Gestora global de ativos Fidelity e executivos da Franklin Templeton publicaram análises contrastantes sobre as perspectivas de mercado do Bitcoin em meio a quedas contínuas de preços. A Fidelity, que administra mais de US$ 5 trilhões em ativos e emite um ETF de Bitcoin à vista, afirmou em sua análise mais recente que ninguém pode ter certeza de quando ou se o atual inverno cripto terminará, enquanto Christopher Perkins, chefe de cripto da Franklin Templeton (US$ 1,7 trilhão em ativos sob gestão), disse à CNBC que as quedas recentes do Bitcoin decorrem de pressões macroeconômicas e serão de curta duração. As avaliações ocorrem enquanto o Bitcoin é negociado em torno de US$ 58.000 e o Ethereum próximo de US$ 1.500, após uma queda acentuada em outubro passado. A análise da Fidelity identificou cinco catalisadores históricos que poderiam desencadear um mercado em alta do Bitcoin, mas enfatizou que, mesmo que todos os fatores se concretizem simultaneamente, uma recuperação significativa não é garantida. As perspectivas institucionais divergentes destacam a incerteza contínua nos mercados de criptomoedas enquanto investidores aguardam sinais de reversão de tendência.

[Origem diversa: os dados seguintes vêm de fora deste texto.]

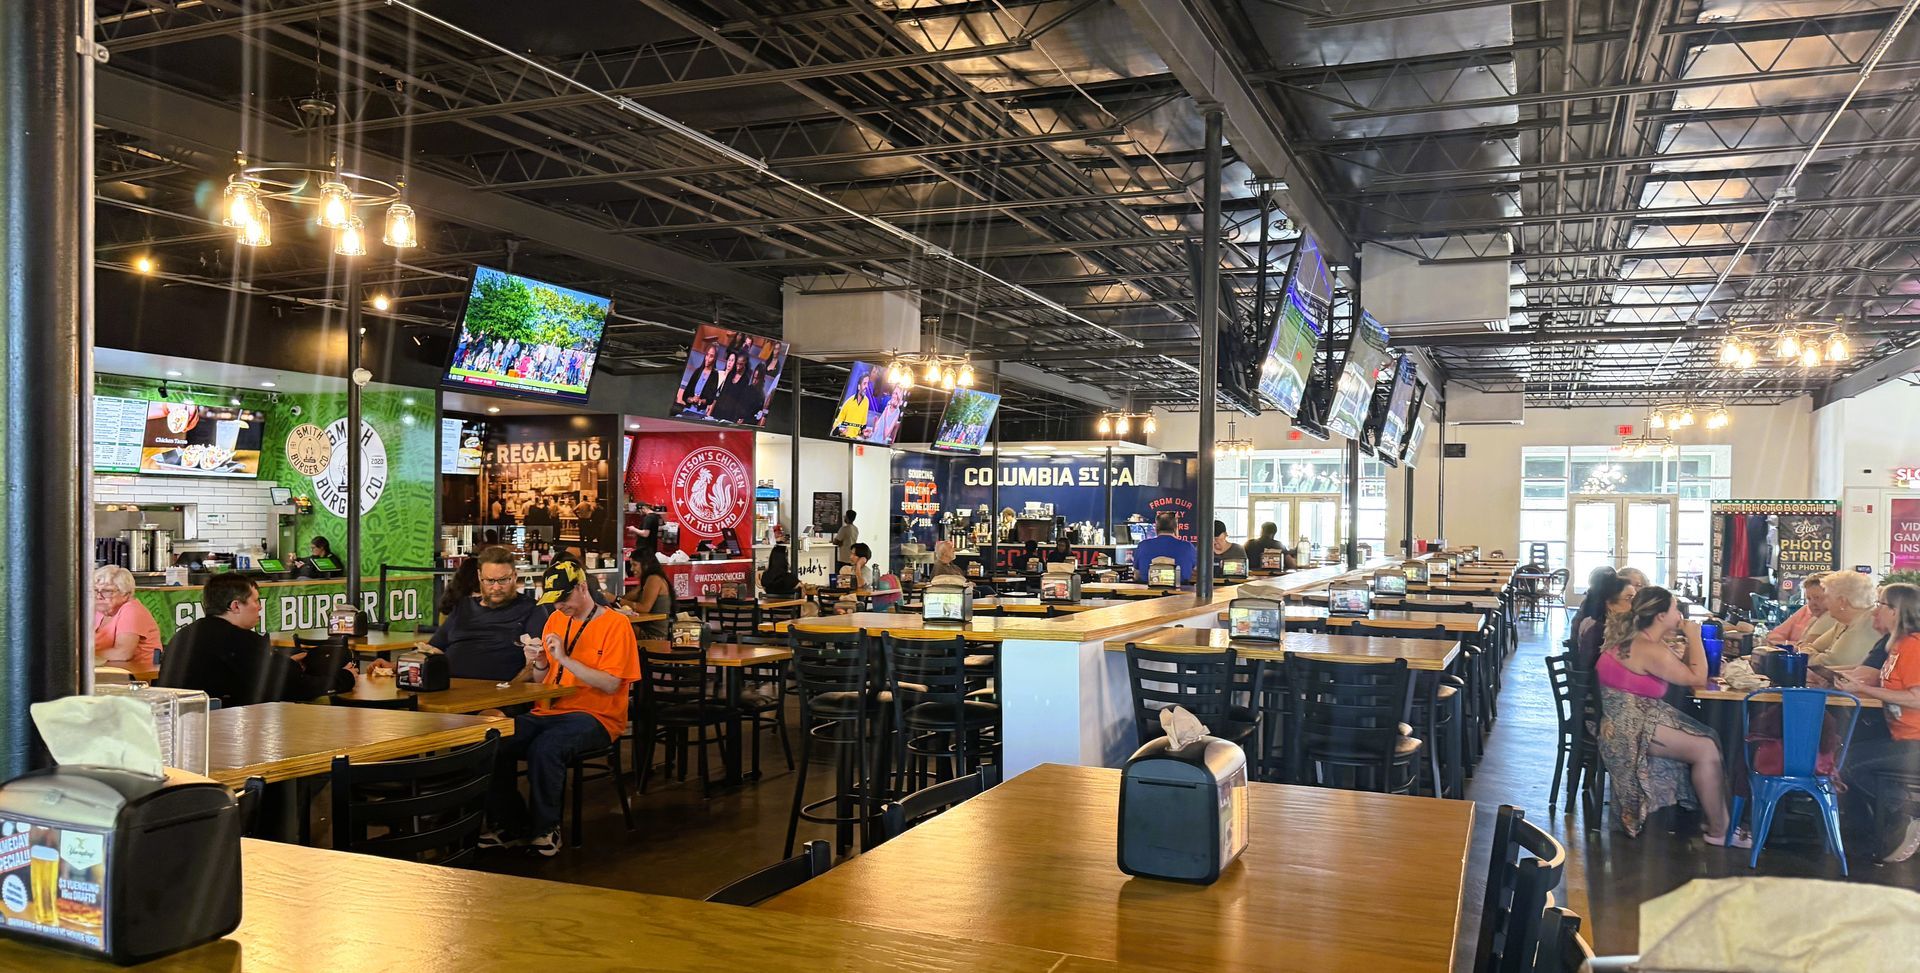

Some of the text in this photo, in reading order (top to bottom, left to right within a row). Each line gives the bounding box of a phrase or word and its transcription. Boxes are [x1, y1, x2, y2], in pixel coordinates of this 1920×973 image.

Fidelity Identifica Cinco Catalisadores de Alta no Mercado Sem Garantia de Recuperação
A Fidelity listou cinco catalisadores históricos que poderiam desencadear um mercado em alta no Bitcoin: o ciclo de quatro anos do Bitcoin, mudanças regulatórias favoráveis às criptomoedas, cortes nas taxas de juros do FED, novos casos de uso e influxos de investidores institucionais. Os analistas da gestora argumentaram que qualquer um desses fatores poderia iniciar um novo mercado em alta, mas alertaram que os resultados permanecem incertos mesmo sob condições favoráveis.
"Embora um dos fatores-gatilho de alta possa iniciar um novo mercado em alta, mesmo que todos os fatores se concretizem, a recuperação que os investidores esperam pode não acontecer. Nada é garantido. Um período sem nenhuma alta também pode surgir. Não sabemos que tipo de período vem pela frente", afirmou a Fidelity na análise.
Executivo da Franklin Templeton Atribui Queda do Bitcoin a Pressões Macroeconômicas
Christopher Perkins analisou as razões por trás da queda recente do Bitcoin em sua entrevista à CNBC. Perkins afirmou que as quedas no Bitcoin se deveram a pressões macroeconômicas e descreveu o Bitcoin como um "ativo de risco limítrofe" altamente sensível a mudanças nas taxas de juros.
Perkins destacou as sinergias potenciais entre inteligência artificial e Bitcoin, afirmando que as vê como tecnologias complementares, e não concorrentes. Ele argumentou que, embora as quedas do Bitcoin sejam acentuadas, serão de curta duração, e expressou forte confiança de que o BTC continuará a subir.
Perguntas Frequentes
Quais são os cinco catalisadores que a Fidelity identificou para um mercado em alta do Bitcoin?
A Fidelity listou o ciclo de quatro anos do Bitcoin, mudanças regulatórias favoráveis às criptomoedas, cortes nas taxas de juros do FED, novos casos de uso e influxos de investidores institucionais como cinco catalisadores históricos que poderiam desencadear um mercado em alta no Bitcoin.
Por que Christopher Perkins disse que o Bitcoin caiu recentemente?
Christopher Perkins disse à CNBC que as quedas recentes do Bitcoin se deveram a pressões macroeconômicas. Ele descreveu o Bitcoin como um "ativo de risco limítrofe" altamente sensível a mudanças nas taxas de juros.
A Fidelity garante uma recuperação do Bitcoin se todos os fatores de alta ocorrerem?
Não. A Fidelity afirmou em sua análise que, mesmo que todos os cinco fatores-gatilho de alta se concretizem simultaneamente, a recuperação que os investidores esperam pode não acontecer, e um período sem nenhuma alta também pode surgir.